Segen oder Fluch? Die Aktienrente kommt

Schon heute fließt ein Viertel des Bundeshaushalts als staatlicher Zuschuss in die gesetzliche Rentenversicherung. In den kommenden Jahren dürfte die Demographie das Problem weiter verschärfen und noch höhere Zuschüsse des Bundes erforderlich machen. Die eigene Vorsorge der Bürger wird damit immer wichtiger.

Um diese zu fördern, soll nun die Aktienrente als eine kapitalbasierte nicht staatliche Form der Altersvorsorge eingeführt werden. Eigentlich ein guter und sinnvoller Plan. Aber passt dieser Plan auch zur deutschen Wirklichkeit? Die Frage ist berechtigt, denn bislang haben sich die Deutschen nicht als ein Volk von Aktionären erwiesen.

Nur etwas mehr als vier Prozent der Bevölkerung halten direkte Aktienanlagen, die sie im eigenen Depot selbstständig oder mit Hilfe ihrer Bank verwalten. Rechnet man die Halter von aktiv und passiv gemanagten Investmentfonds noch hinzu, erhöht sich der Anteil der direkten und indirekten Aktionäre auf zehn bis elf Prozent, wobei die Zahlen in den Boomphasen tendenziell immer etwas höher und in Crash- und Krisenzeiten immer etwas niedriger auszufallen pflegen.

Zockerei statt Aktienkultur – das ist die Lage in Deutschland

Im Vergleich zu anderen Ländern, insbesondere zum angelsächsischen Raum, sind die Deutschen somit keine Aktionäre. Sie bevorzugen das Sparbuch und die klassische Lebensversicherung oder wenn es „etwas“ spekulativer sein soll die Zertifikate. Diese Finanzinstrumente sind aber entweder stark gefährdet durch die Inflation und bieten daher in der aktuellen Situation keinen ausreichenden Schutz oder sind hoch spekulativ.

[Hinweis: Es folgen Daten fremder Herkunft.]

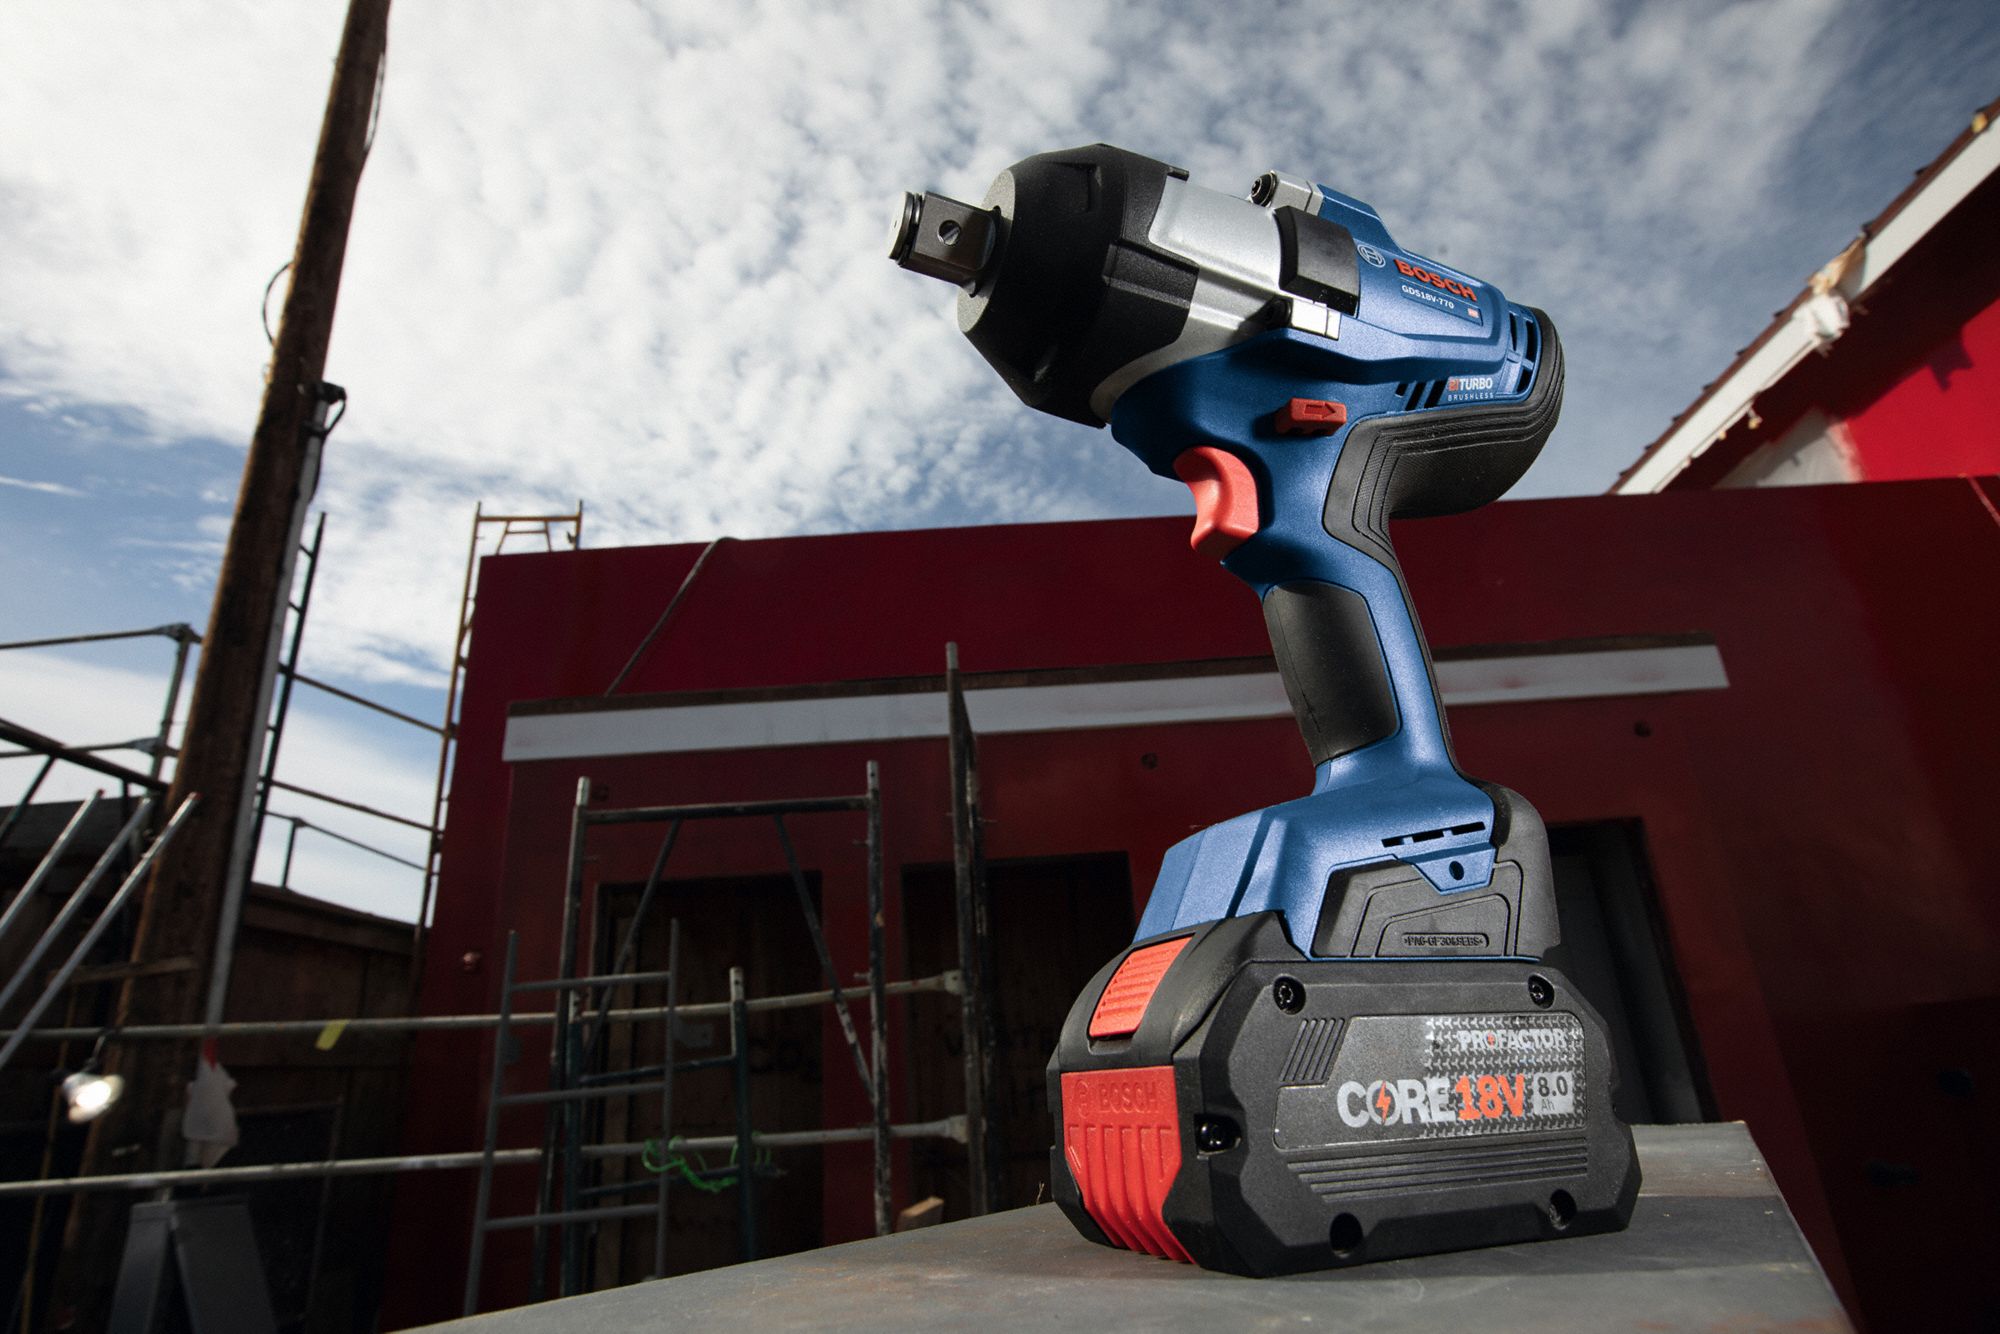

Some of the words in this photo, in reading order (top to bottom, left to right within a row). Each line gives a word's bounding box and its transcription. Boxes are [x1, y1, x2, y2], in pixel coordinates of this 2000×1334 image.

[1394, 258, 1477, 302] BOSCH
[1401, 284, 1455, 310] GDS18V-770
[1447, 392, 1494, 402] BRUSHLESS
[1457, 1028, 1568, 1051] PROFACTOR
[1097, 1080, 1160, 1115] BOSCH
[1537, 1075, 1569, 1098] 8.0
[1540, 1098, 1555, 1110] Ah

Etwas überspitzt formuliert könnte man deshalb sagen, dass die Deutschen ihr Geld entweder unter das Kopfkissen packen oder in die Börsenspielbank tragen. An dieser Stelle könnten die klassischen Aktien eigentlich einen guten Mittelweg darstellen. Doch auch hier sind Fragen angebracht.

Denn die Aktienkultur der wenigen deutschen Aktionäre ist durchaus kritisch zu werten. Gekauft werden in der Regel nur wenige grundsolide Werte. Beliebt sind dafür Aktien wie Wirecard, ThyssenKrupp oder Delivery Hero. Wirecard ist bereits pleite und vom Börsenzettel verschwunden, ThyssenKrupp erwirtschaftet seit Jahren auch in guten Zeiten kaum Gewinne und Delivery Hero verfügt über ein Geschäftsmodell, das selbst in der Coronazeit keine hohen und stabilen Gewinne abwarf.

Und nun soll ausgerechnet die Aktienrente das deutsche Rentenproblem lösen? Solange sich an der Zockermentalität vieler Anleger nichts ändert, dürften Fragen an dieser Stelle äußerst angebracht sein.